WHAT TO DO – Copy the entries below exactly; any picture among them should be left out.

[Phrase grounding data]
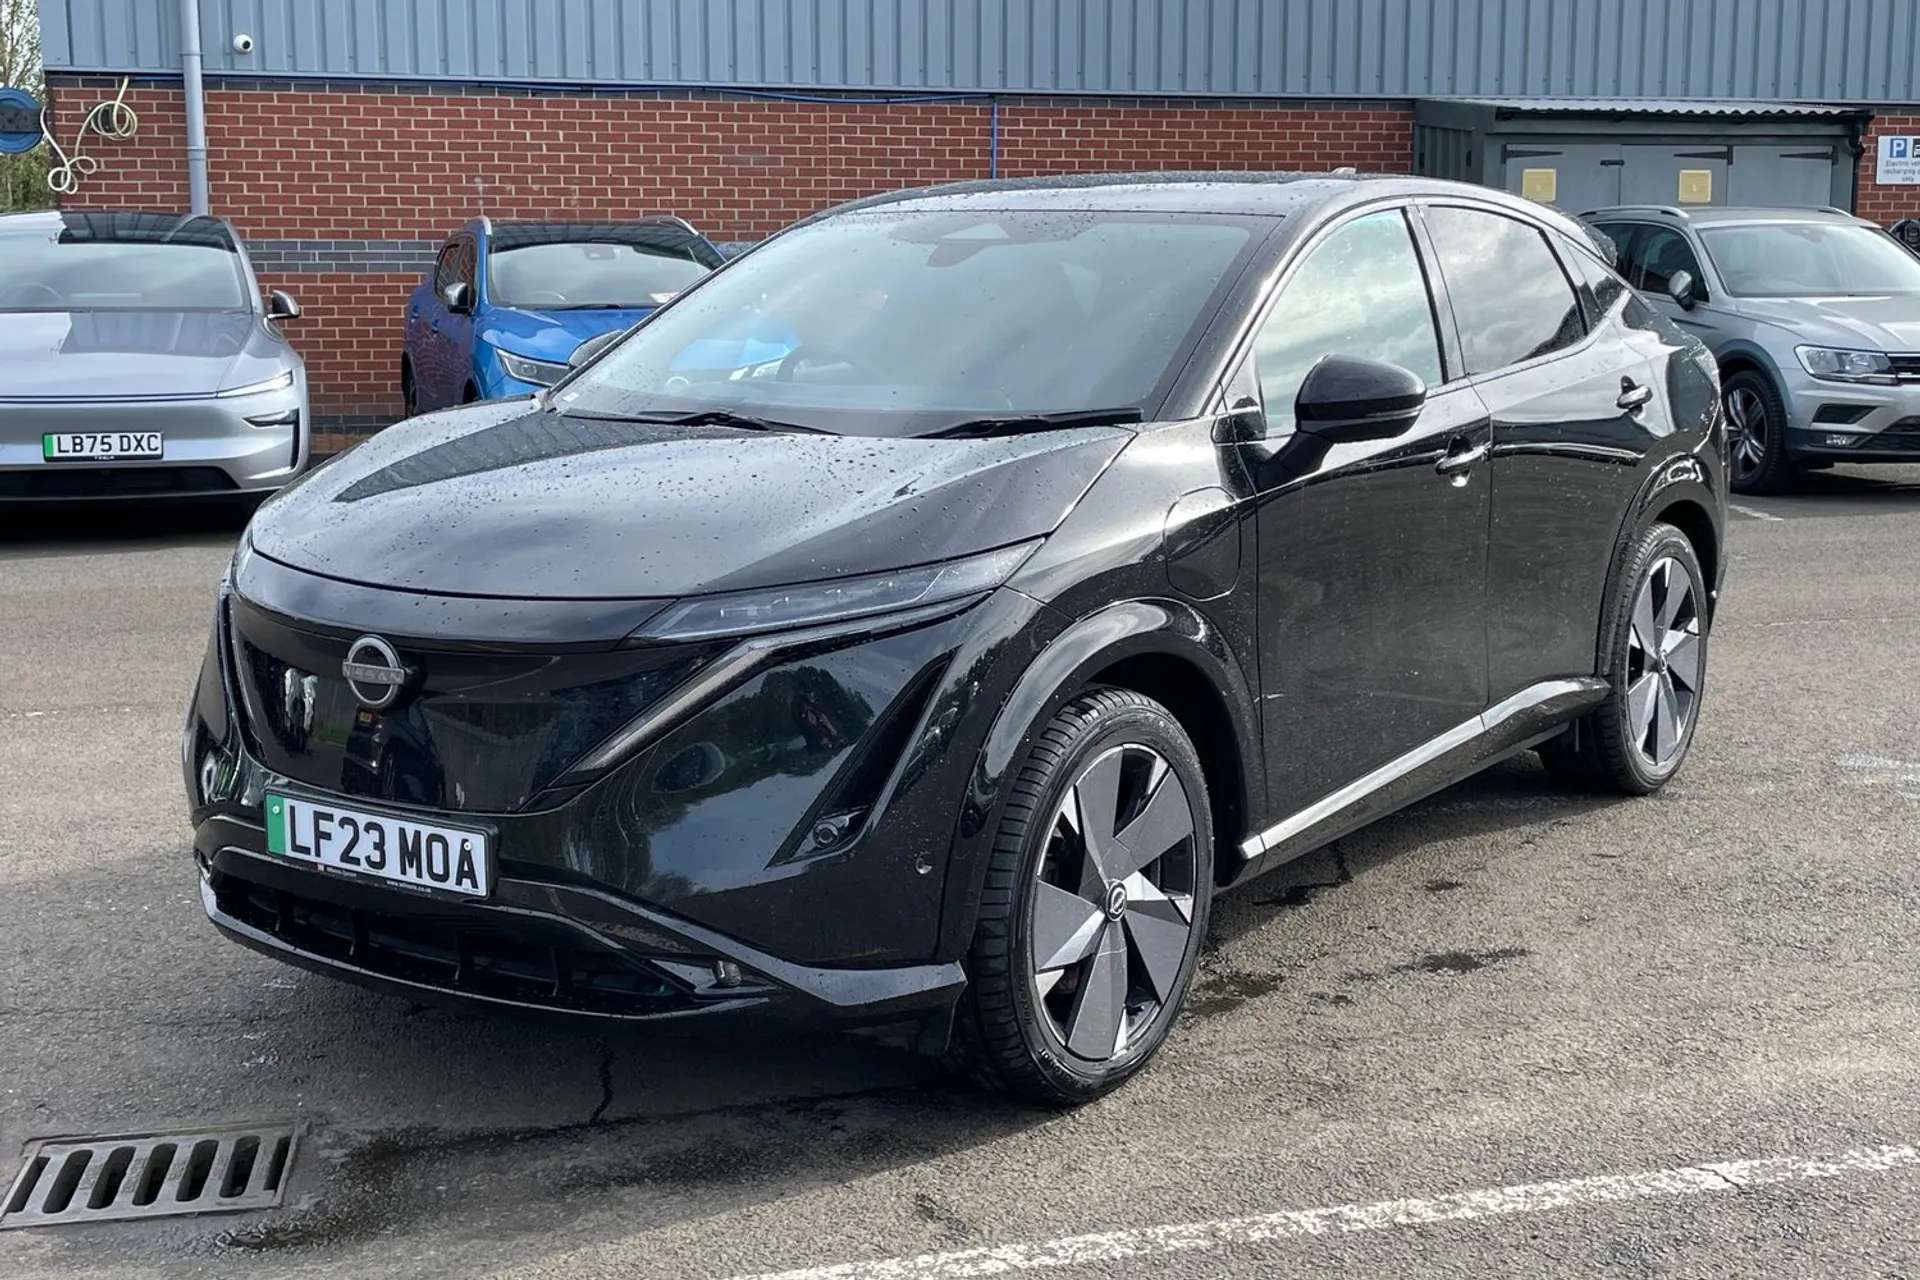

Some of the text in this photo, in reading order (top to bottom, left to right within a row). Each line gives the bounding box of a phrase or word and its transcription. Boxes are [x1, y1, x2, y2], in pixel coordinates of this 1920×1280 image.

[1893, 140, 1905, 157] P
[57, 434, 159, 453] LB75 DXC
[343, 663, 402, 682] NISSAN
[289, 805, 479, 889] LF23 MOA

COMPLETED EXERCISE –
Some of the text in this photo, in reading order (top to bottom, left to right within a row). Each line gives the bounding box of a phrase or word and its transcription. Boxes are [x1, y1, x2, y2], in pixel coordinates of this 1920×1280 image.

[1893, 140, 1905, 157] P
[57, 434, 159, 453] LB75 DXC
[343, 663, 402, 682] NISSAN
[289, 805, 479, 889] LF23 MOA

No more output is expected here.